Tlicho

Introduction

The Tlicho or Tåîchô First Nation, formerly known as the Dogrib, are a Dene people living in the Northwest Territories (NWT), Canada. The name Dogrib is an English adaptation of their own name, Tlicho Done (or Thlingchadinne) – ‘Dog-Flank People’, referring to their fabled descent from a supernatural dog-man. Like their Dene neighbours they called themselves oft simply Done (‘person’, ‘human’) or Done Do (‘People, i.e. Dene People’). To the land they were living on and from, they were deeply connected which is illustrated in their name for it – Ndé (or Dé, Né)
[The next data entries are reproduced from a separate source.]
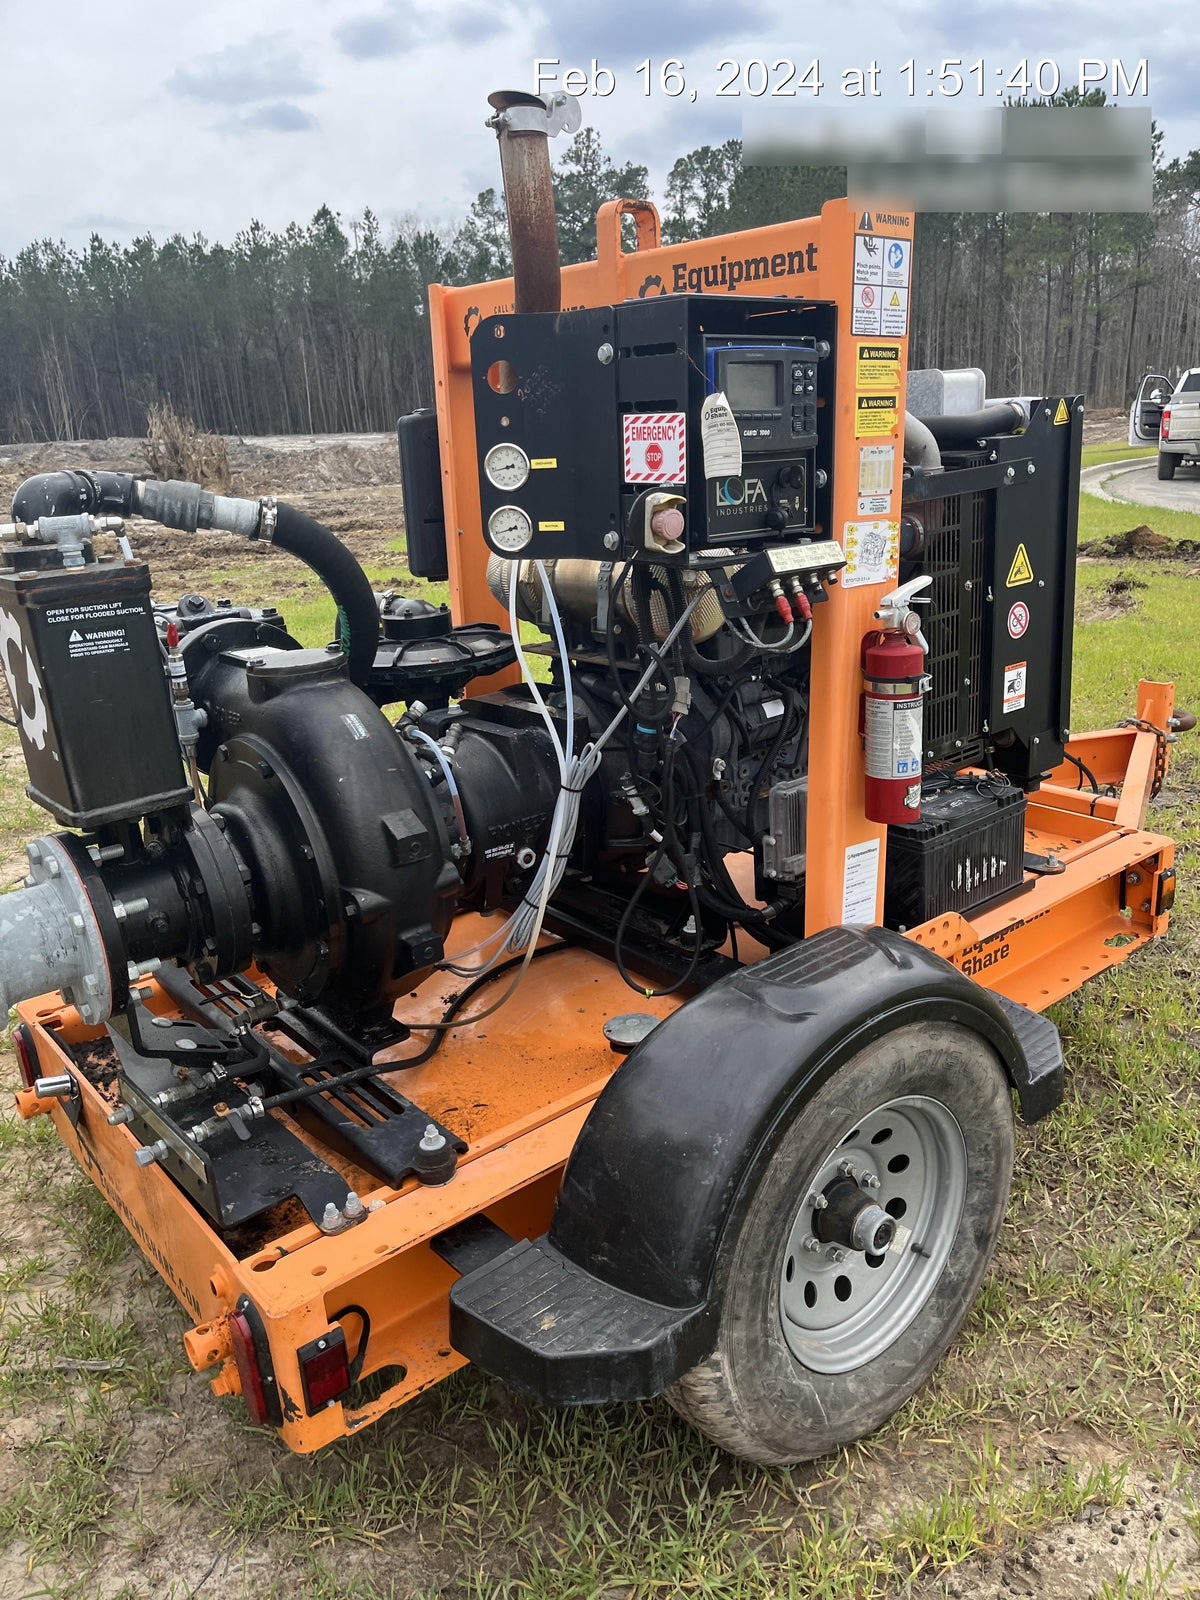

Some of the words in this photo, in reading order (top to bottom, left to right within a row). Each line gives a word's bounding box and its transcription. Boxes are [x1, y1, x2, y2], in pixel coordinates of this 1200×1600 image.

[875, 213, 910, 227] WARNING
[672, 242, 818, 294] Equipment
[869, 350, 896, 359] WARNING
[868, 399, 893, 407] WARNING
[631, 425, 677, 441] EMERGENCY
[646, 452, 662, 462] STOP
[716, 477, 768, 507] LOFA
[716, 504, 769, 517] INDUSTRIES
[46, 608, 65, 616] OPEN
[80, 604, 109, 612] SUCTION
[47, 615, 70, 623] CLOSE
[85, 610, 116, 619] FLOODED
[116, 607, 144, 615] SUCTION
[85, 628, 126, 640] WARNING!
[69, 641, 95, 649] OPERATORS
[69, 646, 98, 654] UNDERSTAND
[91, 648, 115, 656] OPERATION
[961, 943, 1010, 976] Share
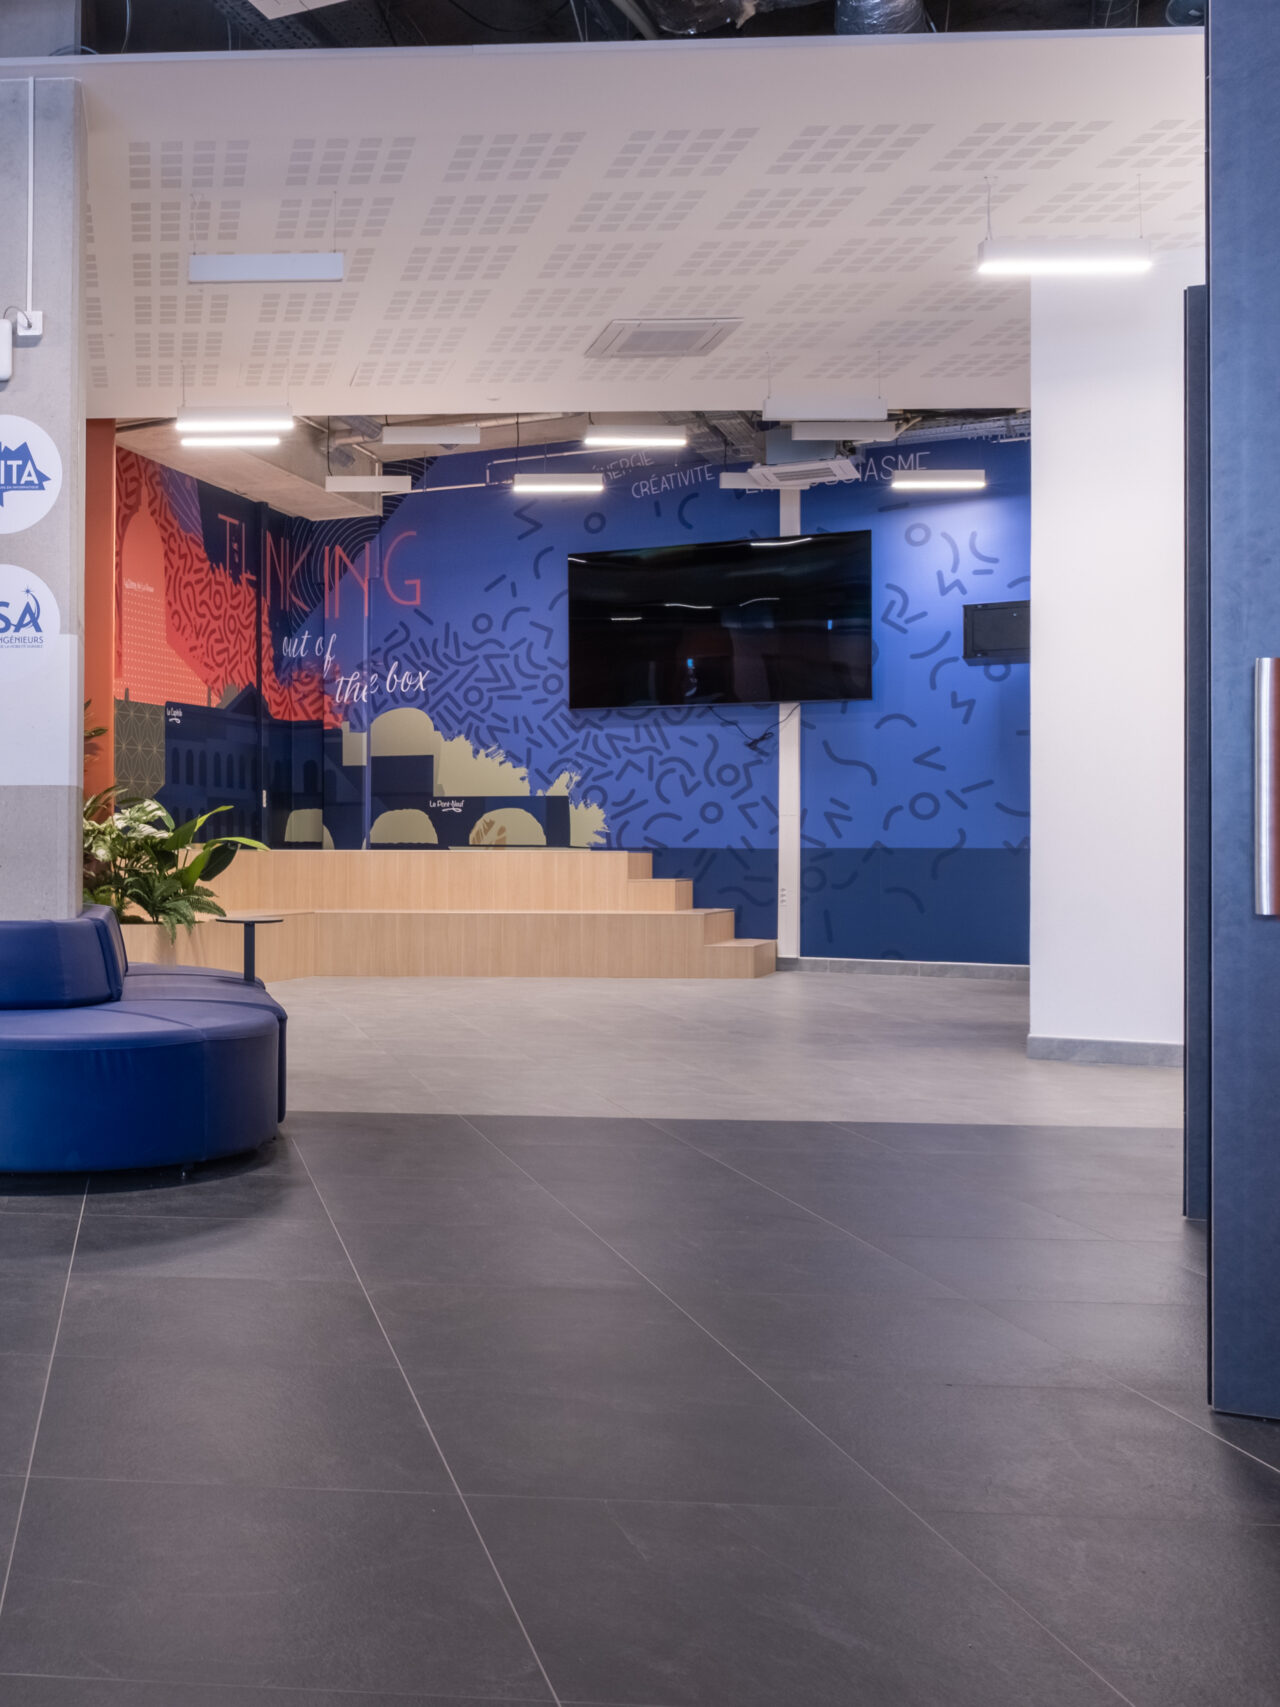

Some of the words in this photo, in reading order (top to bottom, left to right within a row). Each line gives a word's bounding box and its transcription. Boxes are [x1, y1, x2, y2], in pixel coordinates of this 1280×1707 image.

[282, 630, 311, 657] out
[315, 633, 337, 678] of
[335, 671, 378, 703] the
[386, 661, 430, 693] box
There are now six settlements with Dogrib populations or mostly of Dogrib background: Behchoko (formerly Rae-Edzo), Whati (Lac la Martre), Gameti (Rae Lakes), Wekweeti (Snare Lake), Dettah, and N’Dilo (a subcommunity of Yellowknife, known by the Tlicho as Somba K’e – “where the money is”).

The Tlicho Yatiì or Dogrib language belongs to the Athabaskan languages which are part of the Na-Dené languages family. The dialect spoken in the communities of Dettah and N’Dilo developed from intermarriage between Yellowknives and Tlicho.